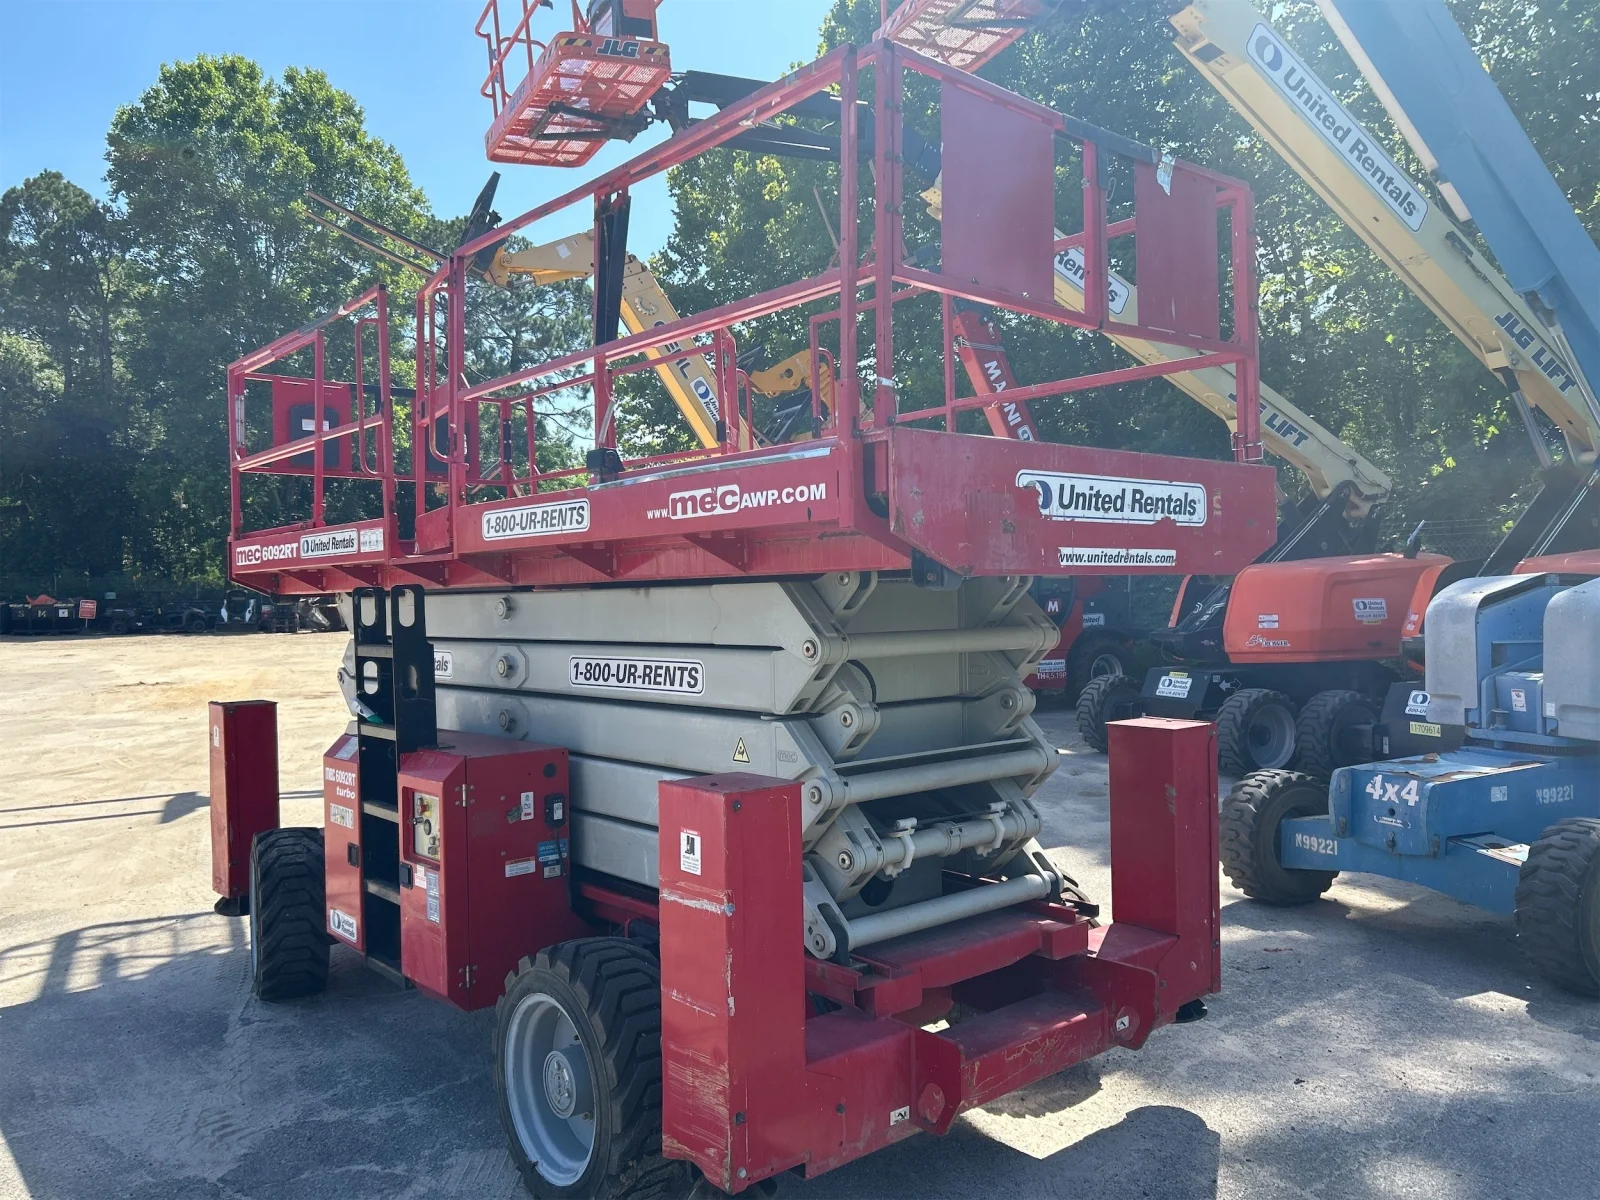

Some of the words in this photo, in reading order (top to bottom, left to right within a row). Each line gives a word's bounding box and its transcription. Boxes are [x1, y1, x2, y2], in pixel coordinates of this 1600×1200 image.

[597, 39, 640, 58] JLG
[1283, 66, 1352, 145] United
[1349, 137, 1417, 218] Rentals
[1494, 311, 1536, 350] JLG
[1531, 346, 1577, 393] LIFT
[984, 361, 1022, 426] MANI
[1264, 412, 1309, 447] LIFT
[1058, 484, 1126, 513] United
[1130, 488, 1197, 516] Rentals
[485, 504, 586, 534] 1-800-UR-RENTS
[262, 543, 298, 561] 6092RT
[310, 538, 330, 553] United
[331, 535, 355, 551] Rentals
[1058, 550, 1175, 564] www.unitedrentals.com
[1047, 601, 1059, 612] M
[572, 661, 699, 689] 1-800-UR-RENTS
[336, 770, 356, 787] 6092RT
[1365, 774, 1419, 806] 4x4
[336, 786, 356, 799] turbo
[1295, 833, 1338, 855] N99221
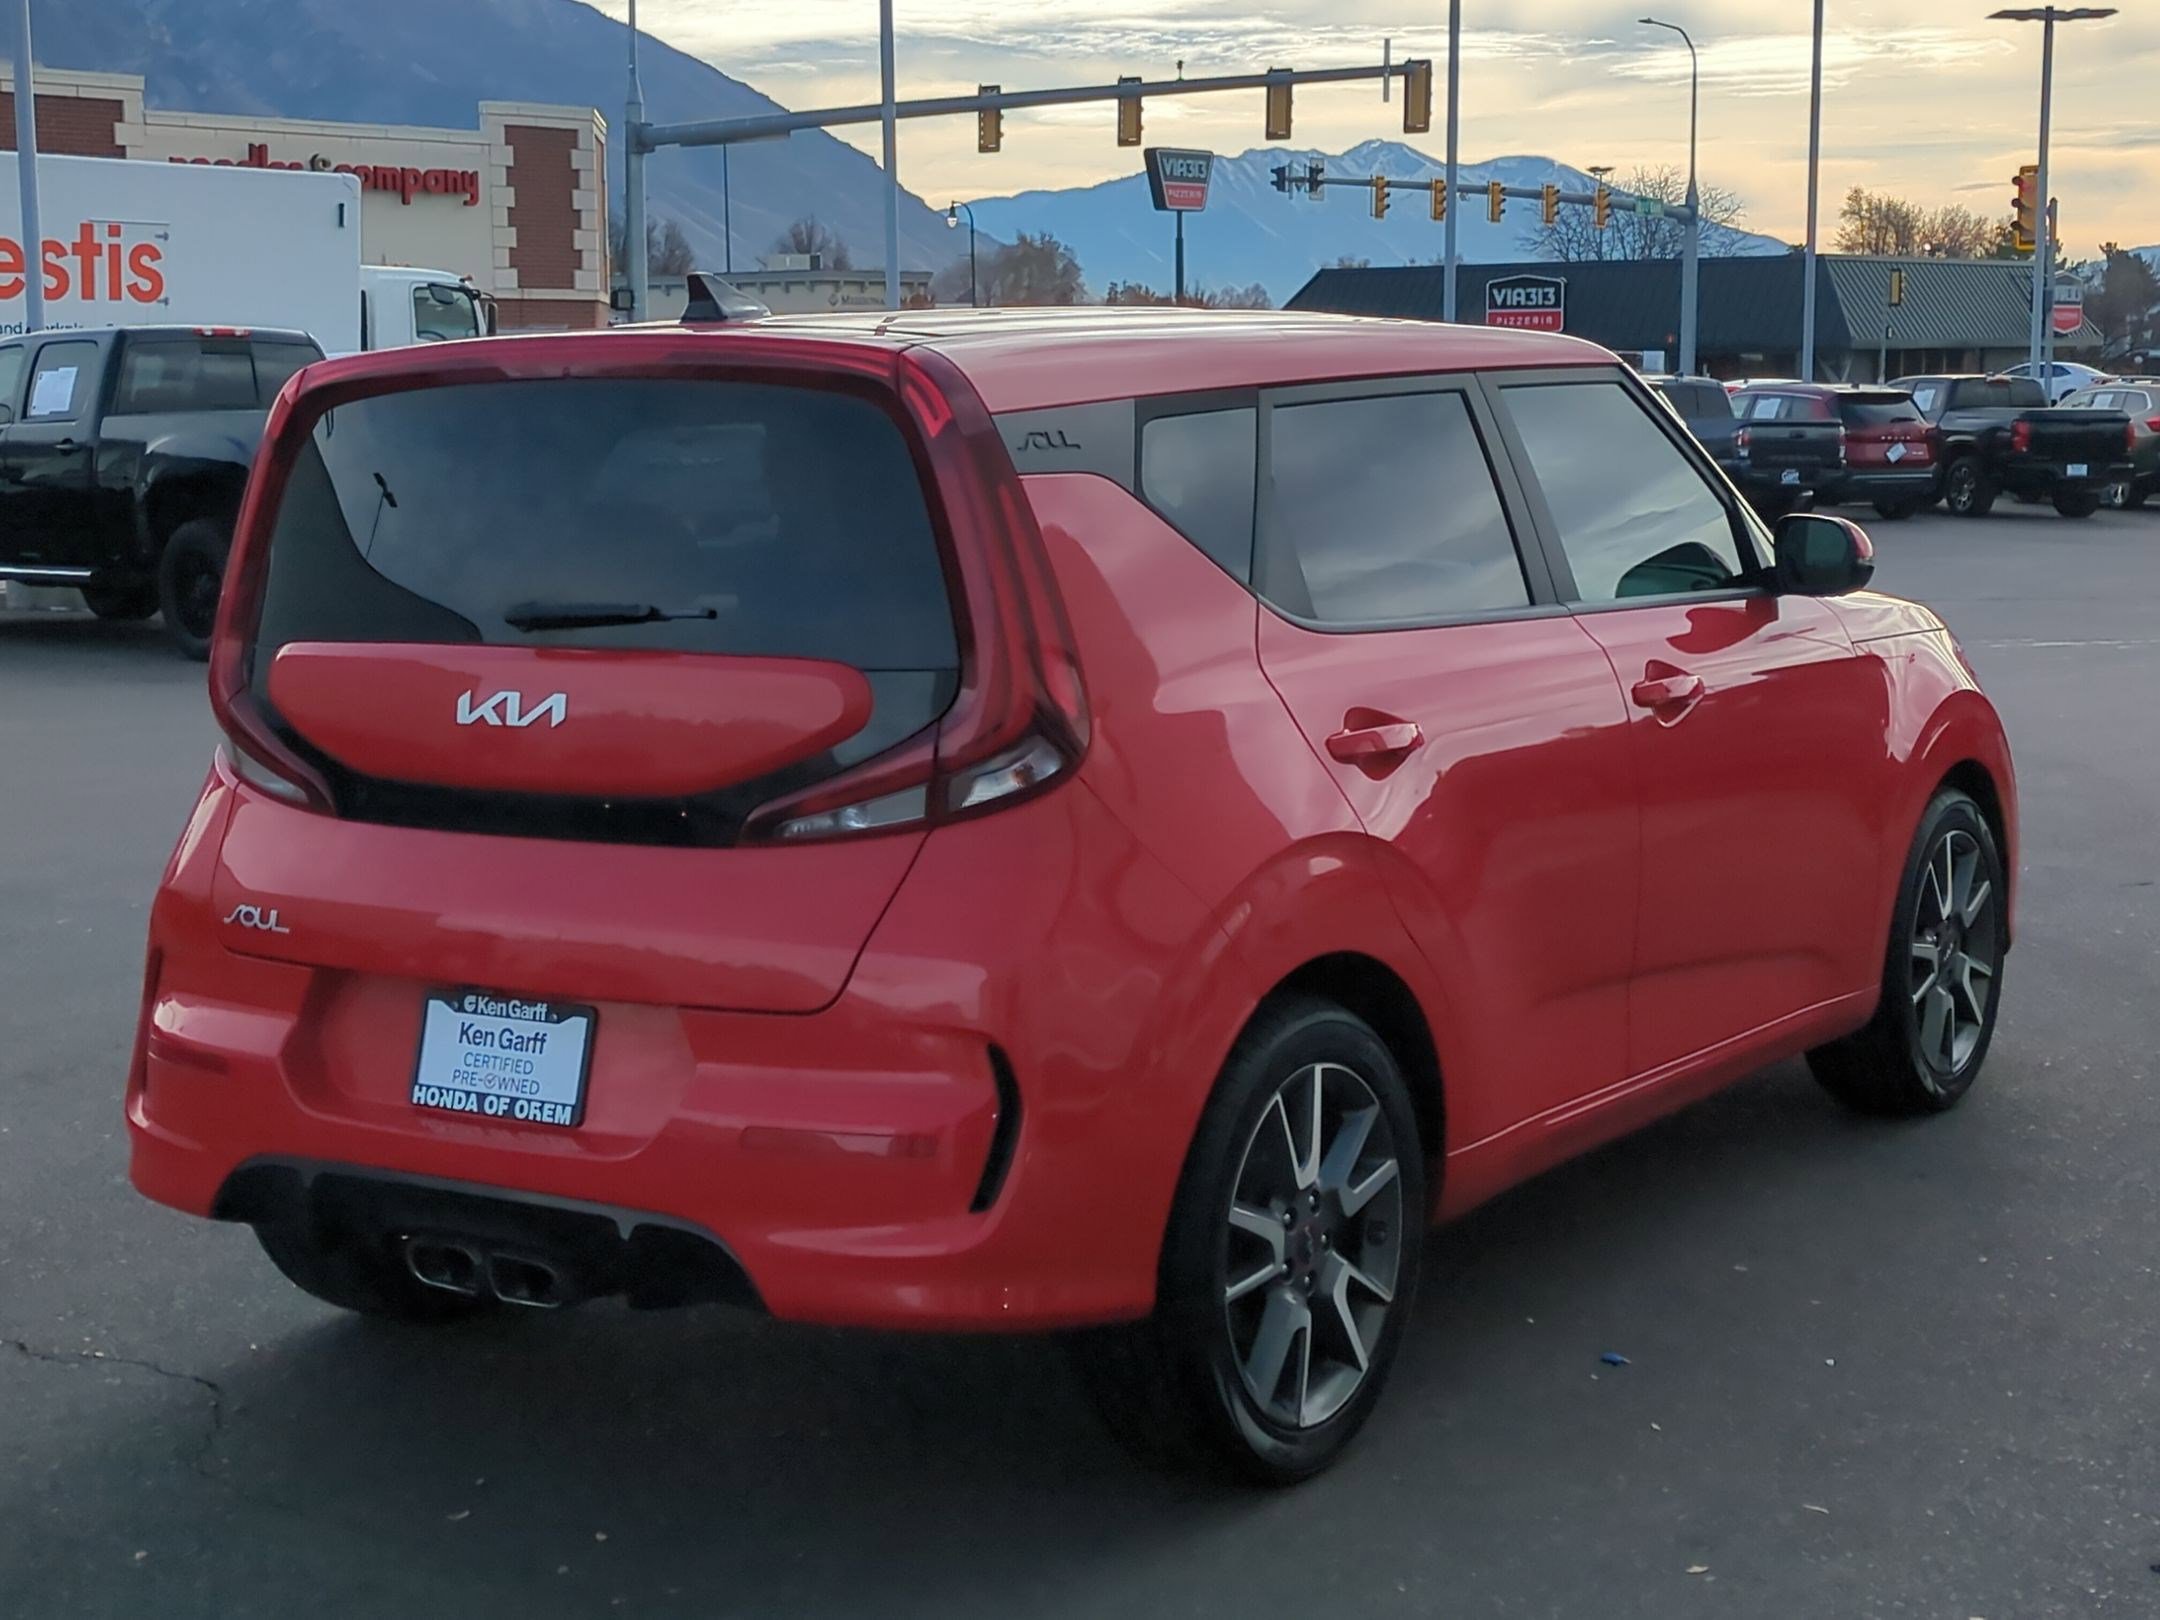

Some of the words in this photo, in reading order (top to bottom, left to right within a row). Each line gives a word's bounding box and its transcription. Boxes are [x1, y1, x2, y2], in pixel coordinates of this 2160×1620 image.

[1492, 287, 1556, 306] VIA313
[1496, 315, 1553, 325] PIZZERIA
[456, 689, 567, 728] KIA
[477, 997, 507, 1017] Ken
[508, 999, 547, 1021] Garff
[458, 1021, 495, 1048] Ken
[499, 1027, 547, 1054] Garff
[463, 1052, 534, 1075] CERTIFIED
[412, 1085, 478, 1113] HONDA
[484, 1096, 510, 1116] OF
[514, 1100, 572, 1126] OREM
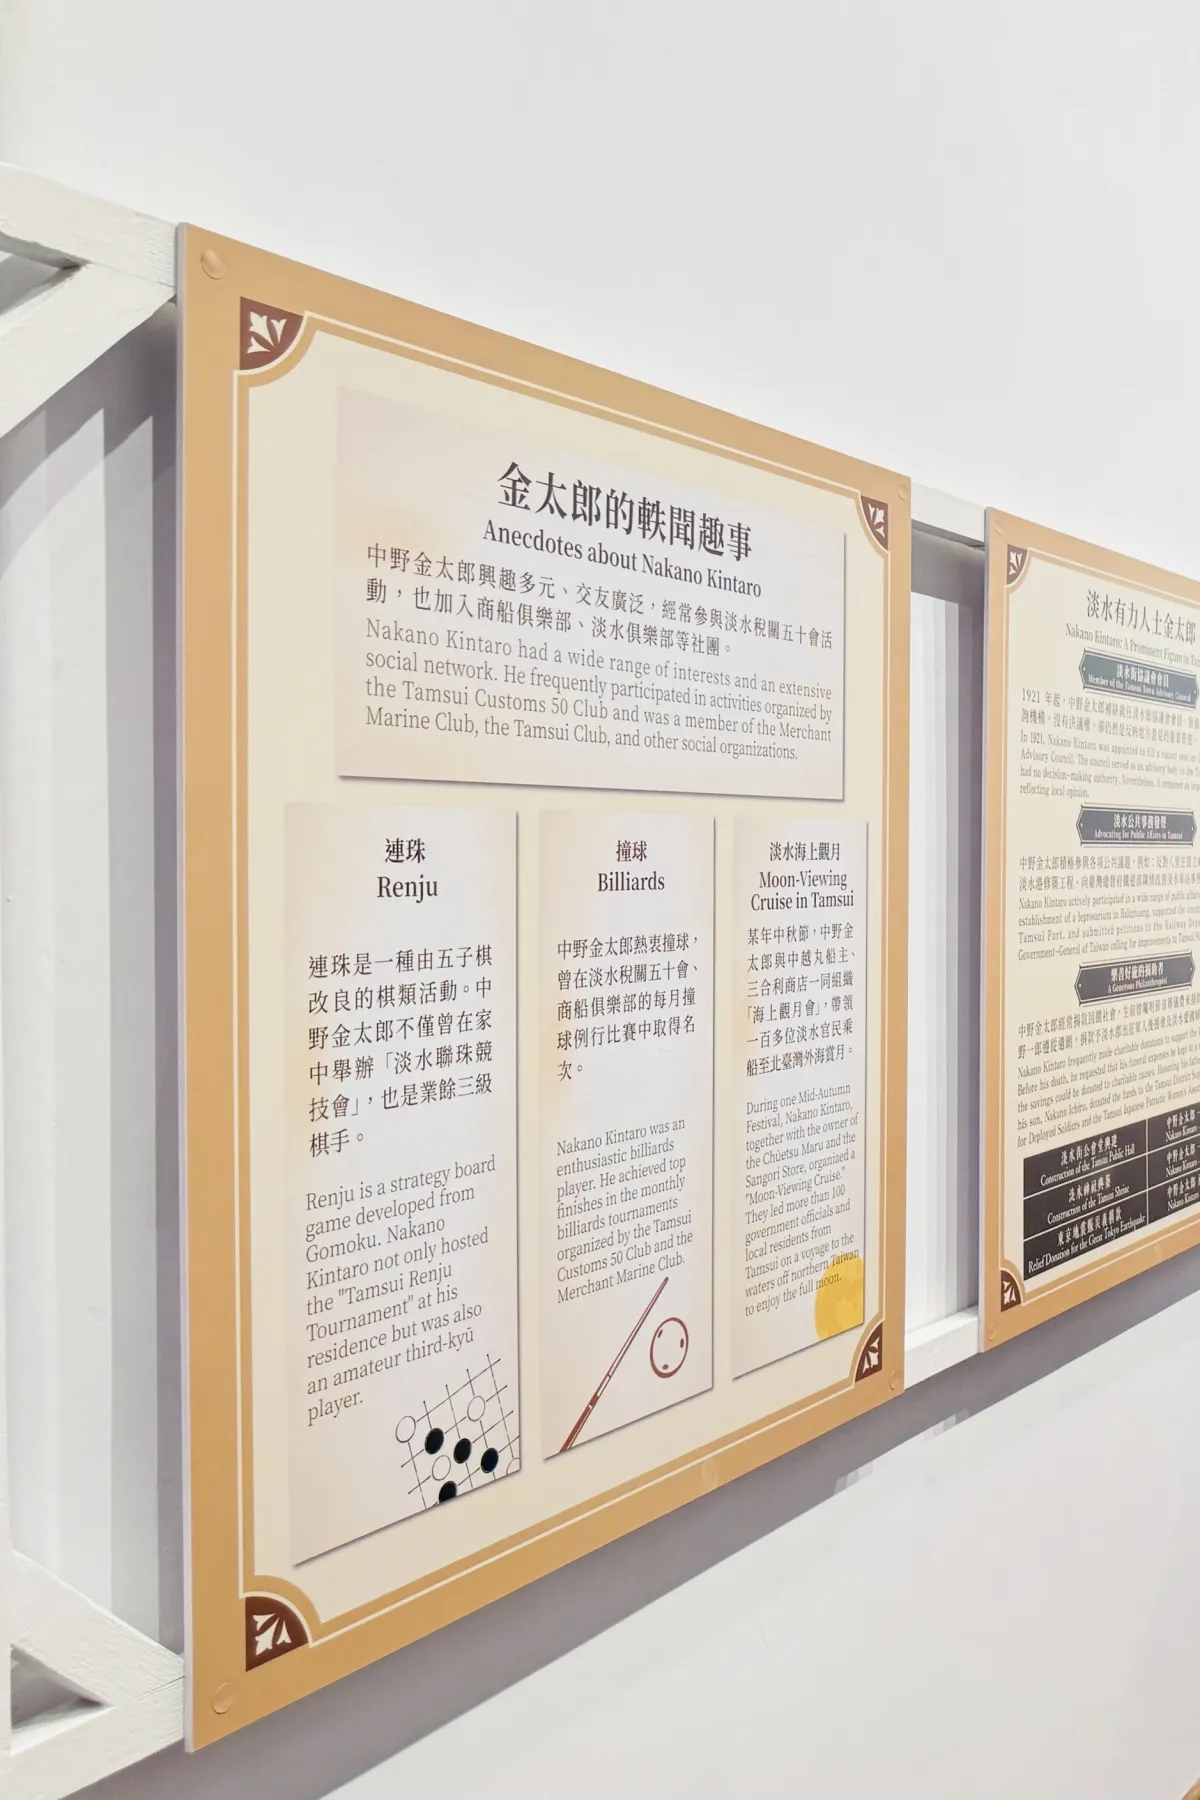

TASK INSTRUCTIONS: Produce an exact copy of only those lines that run from the line with "this 2160×1620 image." to the final line of the records, including both; exclude images.

RESPONSE:
Some of the words in this photo, in reading order (top to bottom, left to right within a row). Each line gives a word's bounding box and its transcription. Boxes are [x1, y1, x2, y2], in pixel coordinates of this 2160×1620 image.

[1492, 287, 1556, 306] VIA313
[1496, 315, 1553, 325] PIZZERIA
[456, 689, 567, 728] KIA
[477, 997, 507, 1017] Ken
[508, 999, 547, 1021] Garff
[458, 1021, 495, 1048] Ken
[499, 1027, 547, 1054] Garff
[463, 1052, 534, 1075] CERTIFIED
[412, 1085, 478, 1113] HONDA
[484, 1096, 510, 1116] OF
[514, 1100, 572, 1126] OREM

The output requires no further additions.